With IA, the location update rate per drone doesn’t directly depend on the number of drones. It can be 8-20 Hz/drone depending on the size of submap and other settings.
Solution
The precise indoor positioning solution for indoor drone shows and swarms is a combination of proven solutions:
Previously, we always guided against using IA with drones, because the propellers’ noise would severely limit the range of the IA system. In IA system, mobile beacons are listening to the ultrasound pulses of the stationary beacons. Since, stationary beacons are far and their signal is weak, the propellers’ noise would simple mask the ultrasound signal from the stationary beacons and break the system.
However, a combination of technical solutions, such as using sharp DSP filters, placing the microphone above the propellers, and hiding the microphone behind a special ultrasound deflector, helps to overcome such a limitation. These are the know-how that we introduce with this new solution.
See the photos on the left for more details. Notice the external microphone, microphone pole, and microphone deflector. Stationary beacons must always be above the drone in this configuration.
Recommended configuration
Notes
Direction
- All other aspects of connectivity with external systems, for example, PixHawk autopilot or similar autopilots is not different for IA-based indoor positioning system from other systems. UART or virtual UART over USB is the easiest way
- Since external microphones and microphone poles are small, even very small and light drones can carry them. The only limitation would be the size of the base -the distance between the microphones. The larger the better, obviously. The static angular error can be calculated based on the assumption that each microphone's position is measured with ±2cm accuracy. Since the microphones are very small and it is possible to enable TX4/RX4 only on the the stationary beacons, it is possible to increase the accuracy of positioning and in such a way the static angular accuracy as well
Power supply to Mini-RX
- Connect directly with the drone's battery if it is 3.6V LiPol, which is typical for small drones.

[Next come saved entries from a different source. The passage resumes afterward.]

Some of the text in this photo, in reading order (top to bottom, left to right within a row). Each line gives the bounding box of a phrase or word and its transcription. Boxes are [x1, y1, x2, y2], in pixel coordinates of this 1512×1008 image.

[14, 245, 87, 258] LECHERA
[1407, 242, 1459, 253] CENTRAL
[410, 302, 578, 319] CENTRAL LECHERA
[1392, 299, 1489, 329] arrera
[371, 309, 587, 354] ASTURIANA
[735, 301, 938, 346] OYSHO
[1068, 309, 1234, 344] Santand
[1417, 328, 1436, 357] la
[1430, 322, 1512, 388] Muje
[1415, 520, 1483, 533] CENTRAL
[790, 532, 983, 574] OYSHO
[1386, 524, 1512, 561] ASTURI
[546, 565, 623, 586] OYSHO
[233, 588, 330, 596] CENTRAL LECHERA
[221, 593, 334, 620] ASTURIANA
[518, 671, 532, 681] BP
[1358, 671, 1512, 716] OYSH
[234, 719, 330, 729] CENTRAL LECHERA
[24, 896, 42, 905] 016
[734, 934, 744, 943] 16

- Connect via a light DC-3.6V or DC-5.0V converter if the drone's battery differs from 1-cell LiPol (3.6V).
- Generally speaking, having a DC-DC converter helps if the drones battery's voltage drops due to the motor's current or noise.

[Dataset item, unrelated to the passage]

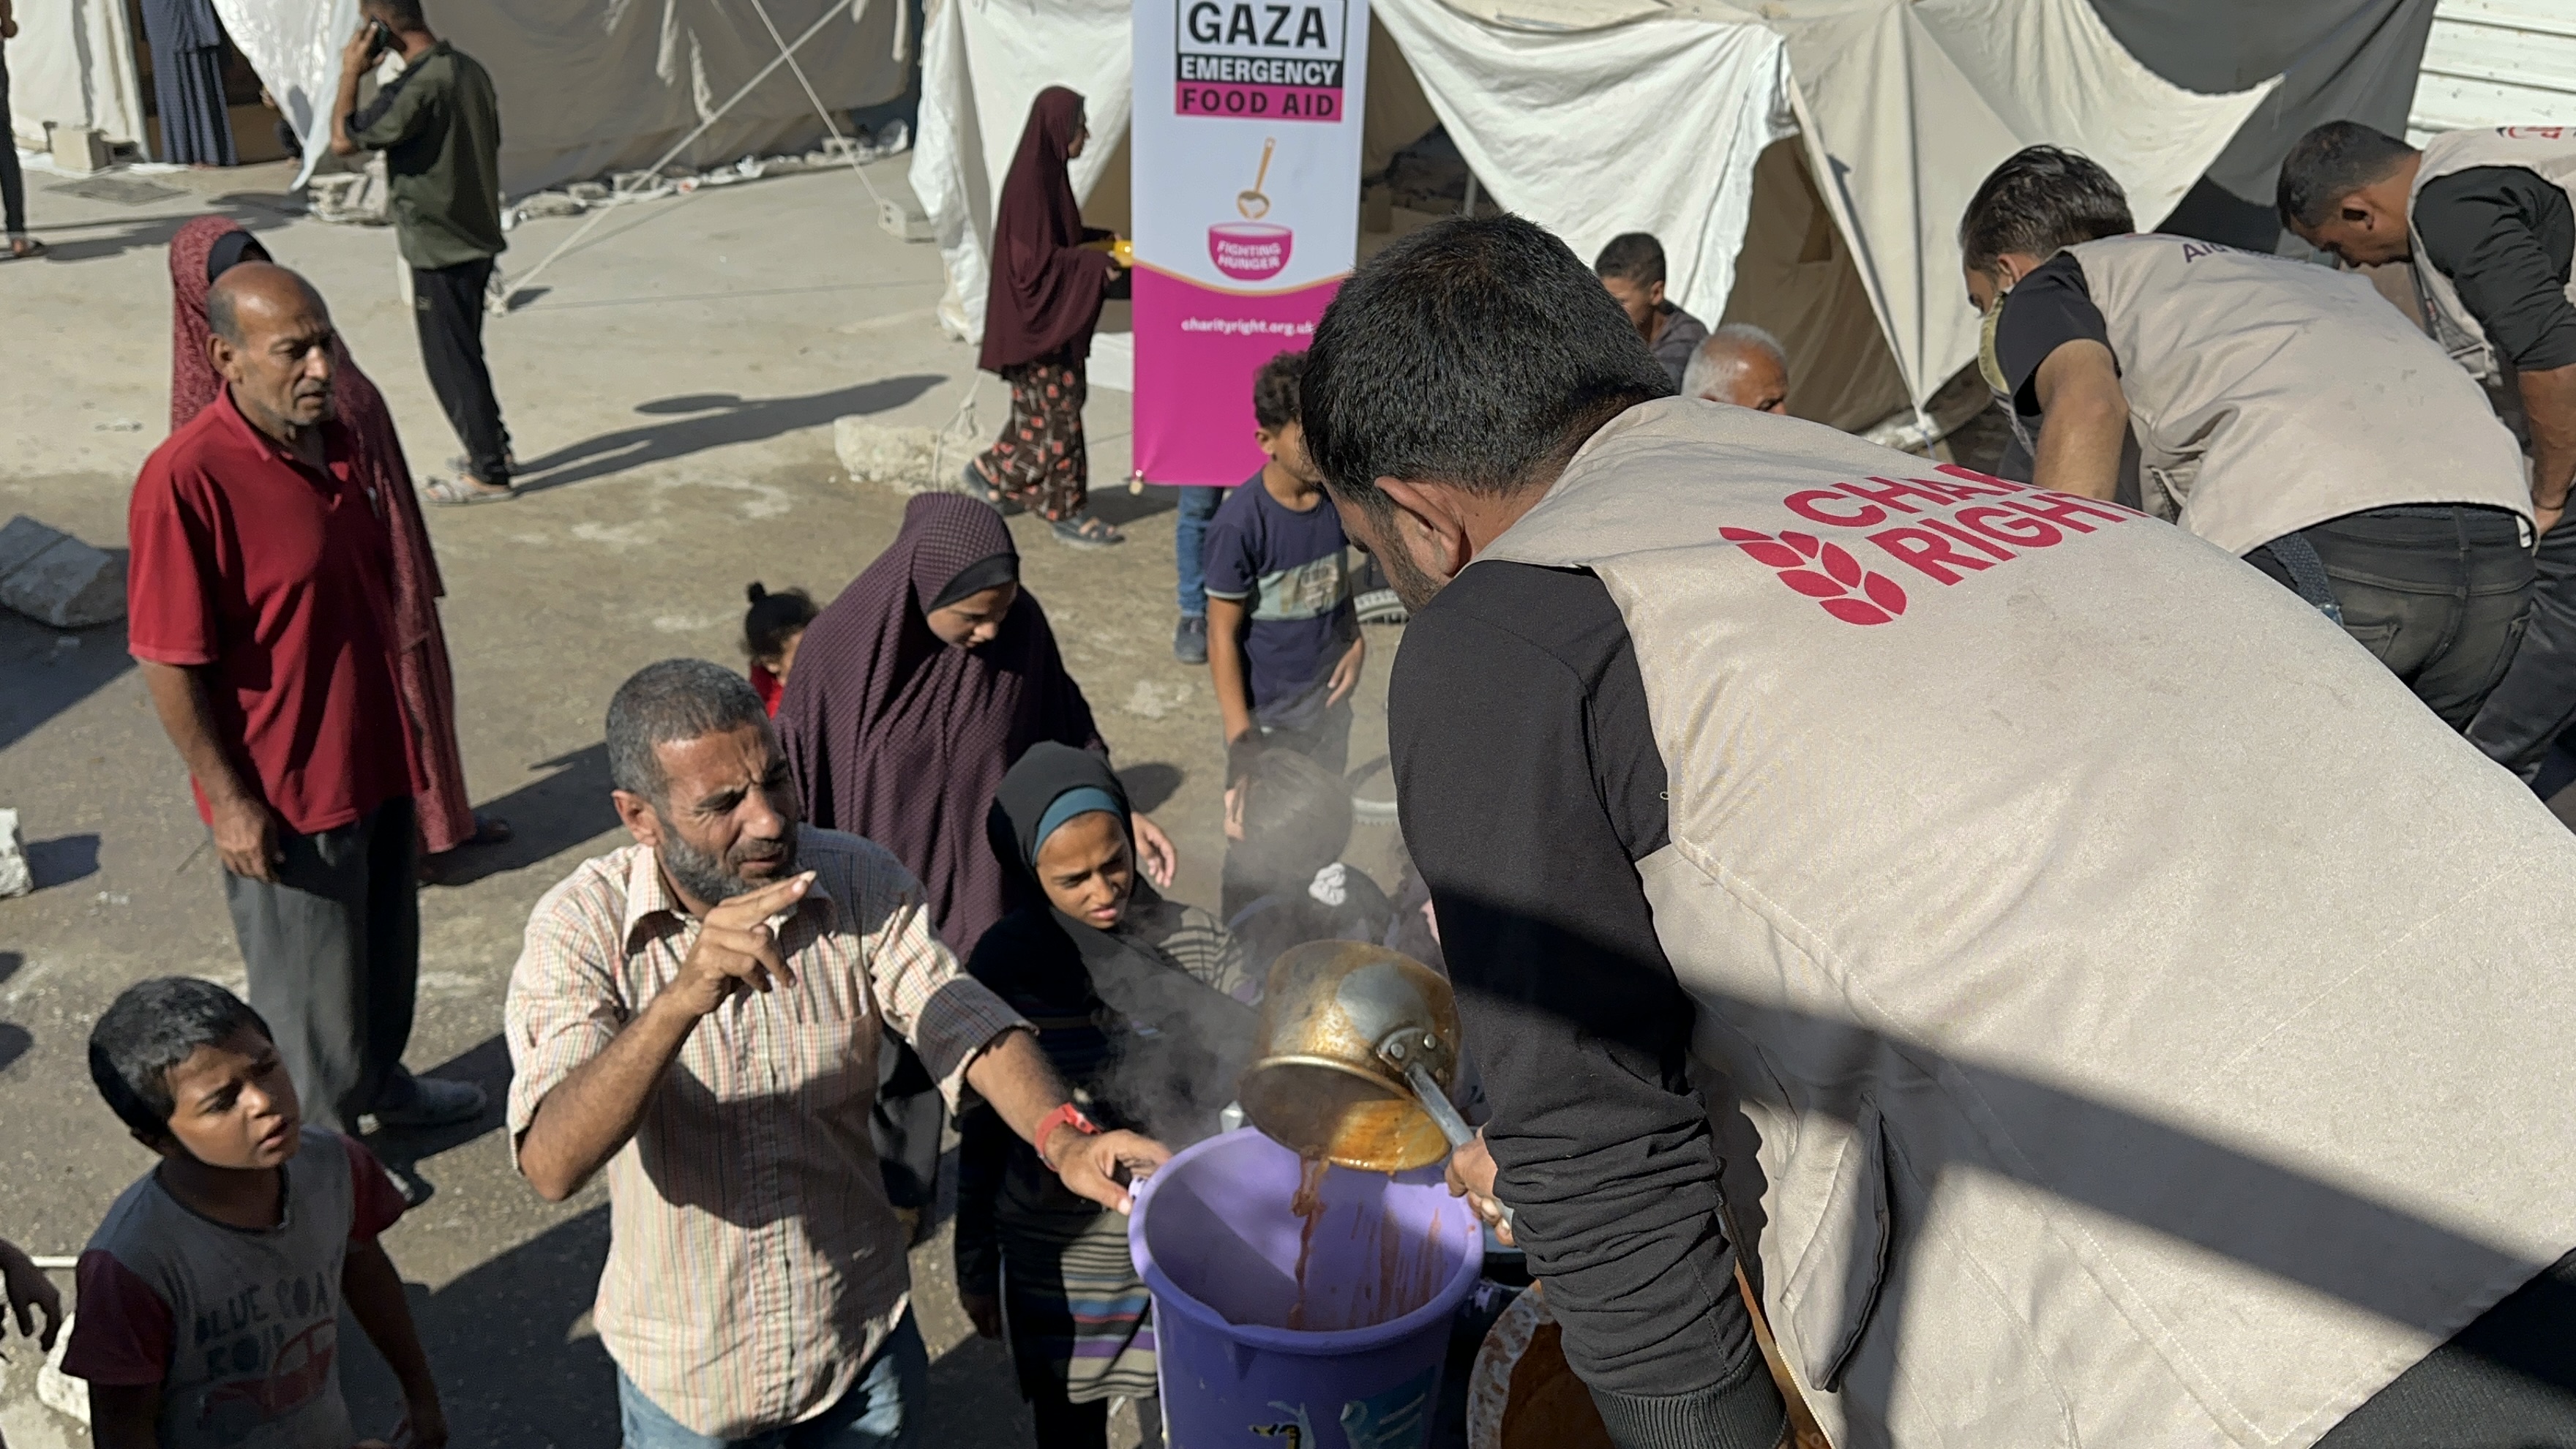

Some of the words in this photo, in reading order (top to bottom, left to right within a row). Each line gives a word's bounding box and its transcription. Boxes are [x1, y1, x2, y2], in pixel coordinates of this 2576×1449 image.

- Sometimes, the easiest solution is to replace the default battery of Mini-RX with a light 100mAh battery that would last significantly longer than the drone flies
Power supply to stationary Super-Beacons
Comparison with NIA and MF NIA
- The recommended IA architecture is not NIA. because in NIA, the location update rate per drone would too low in drone swarm configurations since in NIA location update rate per drone drops proportionally to the number of drones - TDMA approach
- MF NIA is a good alternative for particularly noisy drones when there are up to 8 drones or so. Then, the location update rate per drone starts dropping like in NIA albeit 8 times slower. Besides, for MF NIA, Super-Beacons must be used as mobile beacons and they are notably larger than Mini-RX. And for MF NIA, you need a special MF NIA license
Skill requirements
Drones with propellers facing down
Some drones have propellers facing down and the drones are relatively large. This creates an opportunity to install Super-Beacons in the Paired Beacon configurations right above drones – similar to the RTK GPS antennas that can be seen.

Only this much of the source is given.